*** Opening of Listed entries ***

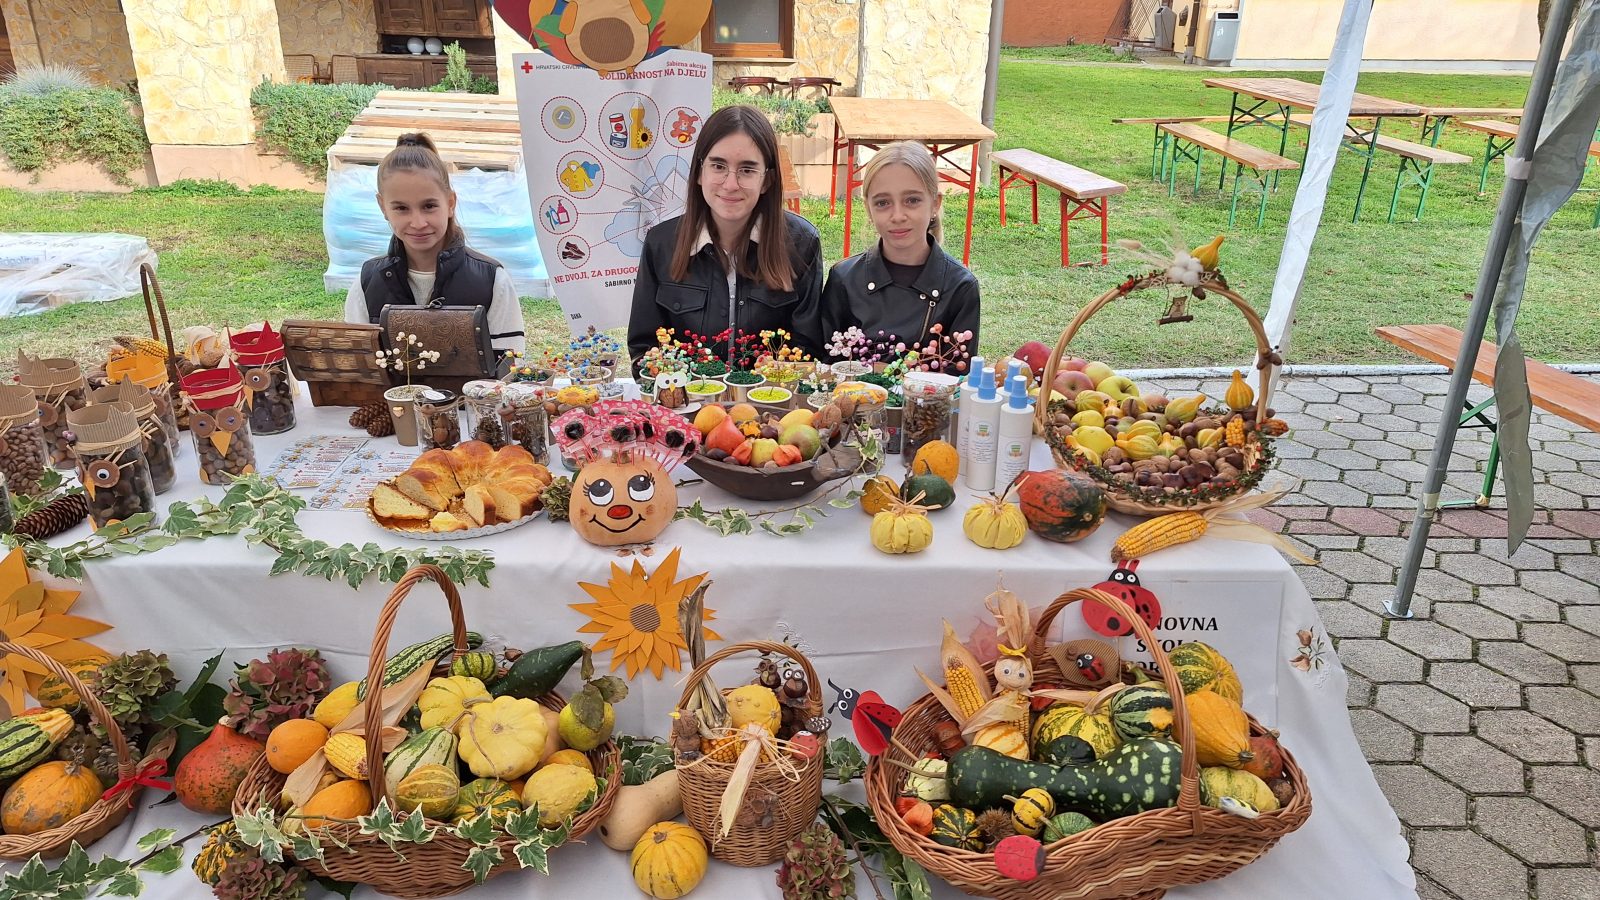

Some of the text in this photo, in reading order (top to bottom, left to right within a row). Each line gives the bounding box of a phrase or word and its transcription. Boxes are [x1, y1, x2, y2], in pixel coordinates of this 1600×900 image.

[600, 70, 662, 80] SOLIDARNOST
[678, 68, 706, 78] DJELU
[554, 275, 564, 284] NE
[565, 272, 589, 281] DVOJI,
[604, 279, 632, 287] SABIRNO
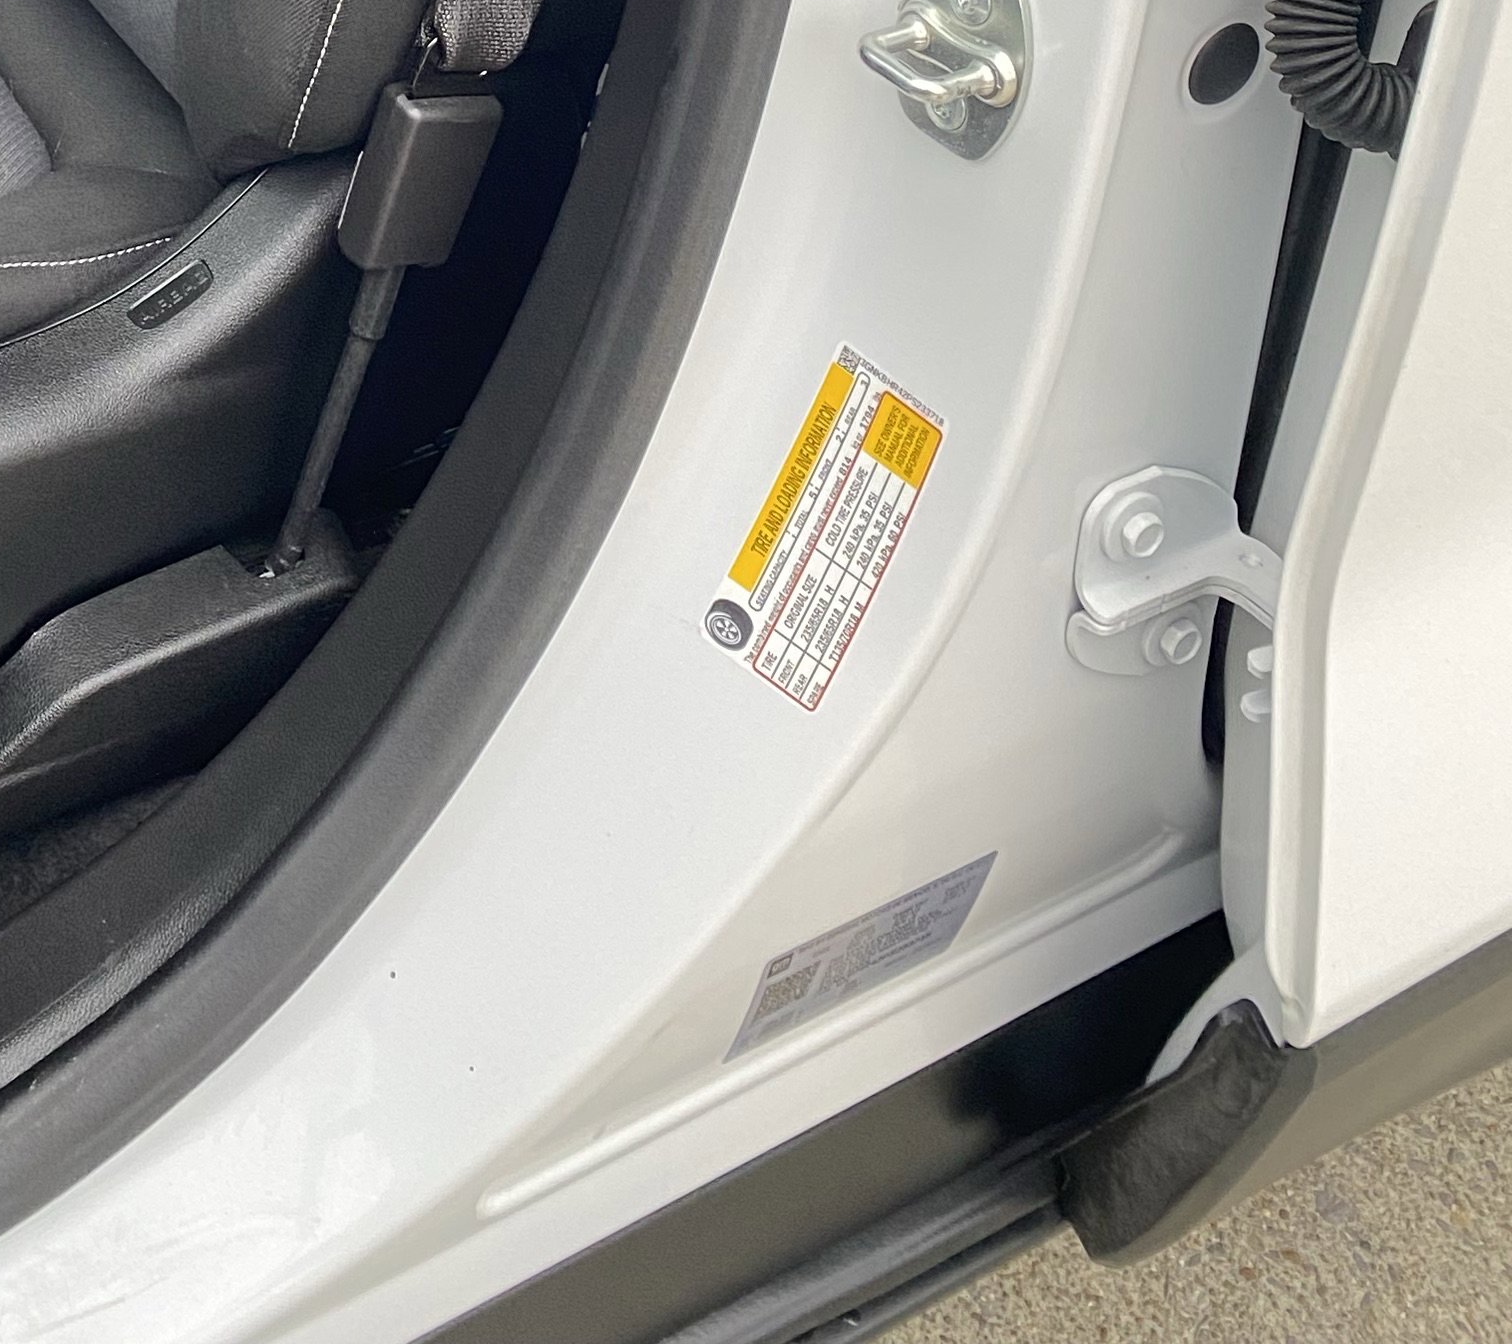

*** Close of Listed entries ***

- What the task requires:
Pictures are to be left out; all other data must be returned exactly.

- The answer:
Some of the text in this photo, in reading order (top to bottom, left to right within a row). Each line gives the bounding box of a phrase or word and its transcription. Boxes are [x1, y1, x2, y2], in pixel coordinates of this 1600×900 image.

[600, 70, 662, 80] SOLIDARNOST
[678, 68, 706, 78] DJELU
[554, 275, 564, 284] NE
[565, 272, 589, 281] DVOJI,
[604, 279, 632, 287] SABIRNO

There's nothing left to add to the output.